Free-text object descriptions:
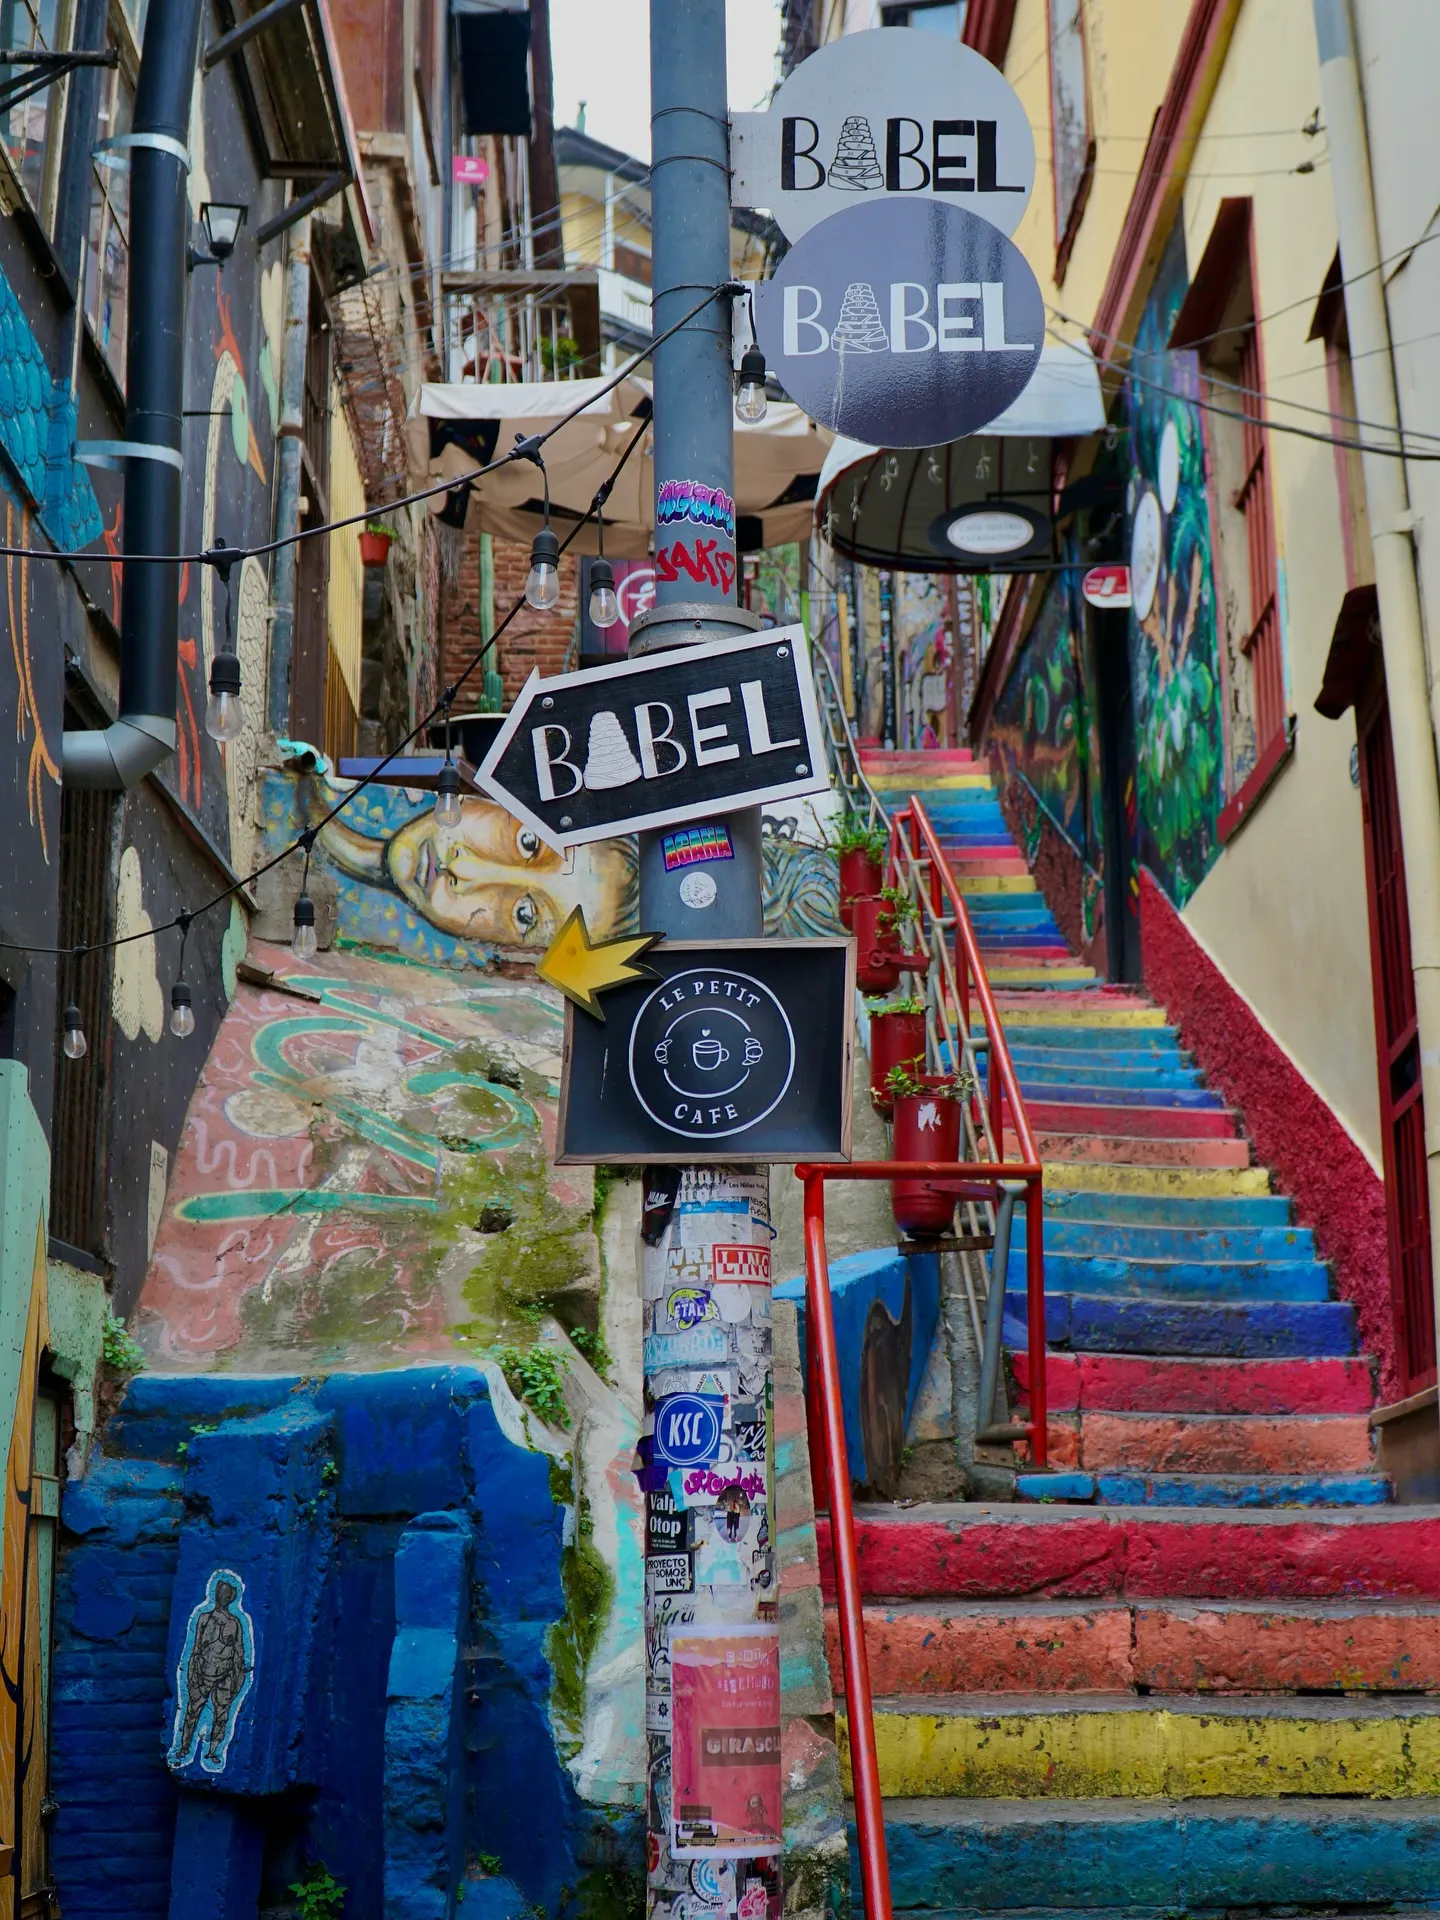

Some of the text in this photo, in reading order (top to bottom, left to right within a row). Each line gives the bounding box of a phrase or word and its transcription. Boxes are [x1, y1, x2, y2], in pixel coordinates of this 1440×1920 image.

[664, 826, 732, 870] AGANA
[659, 980, 761, 1011] LE PETIT
[674, 1103, 738, 1124] CAFE
[668, 1413, 704, 1447] KSC
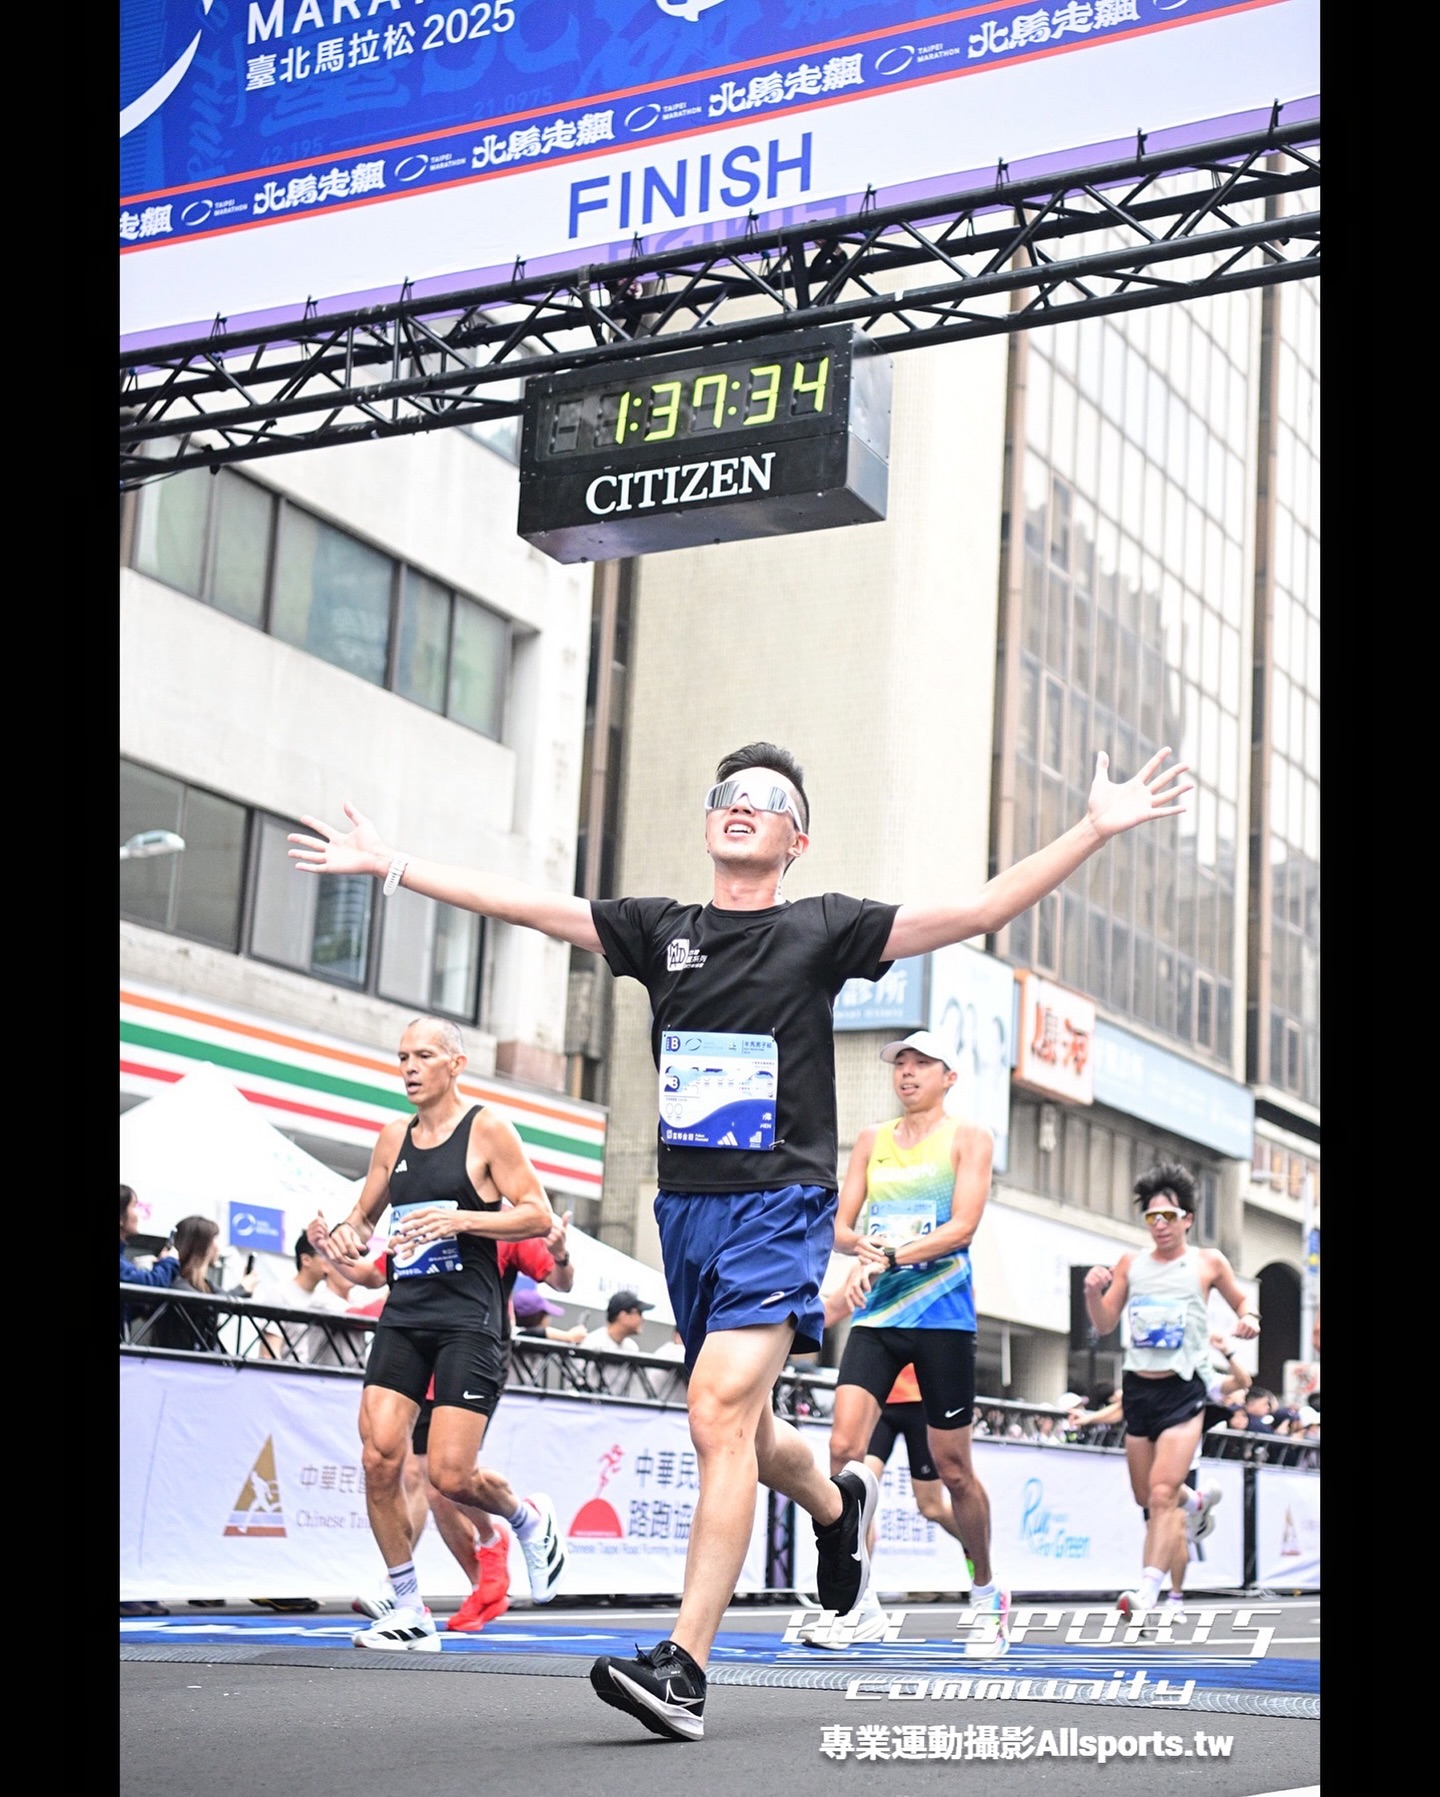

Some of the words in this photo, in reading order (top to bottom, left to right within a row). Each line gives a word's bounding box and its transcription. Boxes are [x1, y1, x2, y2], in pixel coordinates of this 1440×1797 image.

[245, 21, 416, 91] 臺北馬拉松
[421, 0, 516, 51] 2025
[917, 43, 943, 55] TAIPEI
[917, 47, 960, 63] MARATHON
[708, 52, 865, 117] 北馬走飆
[662, 102, 687, 113] TAIPEI
[662, 106, 702, 121] MARATHON
[471, 109, 616, 169] 北馬走飆
[430, 153, 452, 164] TAIPEI
[430, 157, 467, 172] MARATHON
[252, 159, 386, 215] 北馬走飆
[568, 132, 814, 239] FINISH
[214, 199, 235, 210] TAIPEI
[214, 203, 248, 217] MARATHON
[615, 356, 830, 445] 1:37:34
[585, 451, 777, 515] CITIZEN
[833, 968, 908, 1008] 診所

• _Exercise_: Repeat all entries exactly. Skip the pictures.

• _Written response_:
Some of the text in this photo, in reading order (top to bottom, left to right within a row). Each line gives the bounding box of a phrase or word and its transcription. Boxes are [x1, y1, x2, y2], in pixel coordinates of this 1440×1920 image.

[664, 826, 732, 870] AGANA
[659, 980, 761, 1011] LE PETIT
[674, 1103, 738, 1124] CAFE
[668, 1413, 704, 1447] KSC

Some of the words in this photo, in reading order (top to bottom, left to right within a row). Each line gives a word's bounding box and its transcription. Boxes are [x1, y1, x2, y2], in pixel coordinates of this 1440×1797 image.

[245, 21, 416, 91] 臺北馬拉松
[421, 0, 516, 51] 2025
[917, 43, 943, 55] TAIPEI
[917, 47, 960, 63] MARATHON
[708, 52, 865, 117] 北馬走飆
[662, 102, 687, 113] TAIPEI
[662, 106, 702, 121] MARATHON
[471, 109, 616, 169] 北馬走飆
[430, 153, 452, 164] TAIPEI
[430, 157, 467, 172] MARATHON
[252, 159, 386, 215] 北馬走飆
[568, 132, 814, 239] FINISH
[214, 199, 235, 210] TAIPEI
[214, 203, 248, 217] MARATHON
[615, 356, 830, 445] 1:37:34
[585, 451, 777, 515] CITIZEN
[833, 968, 908, 1008] 診所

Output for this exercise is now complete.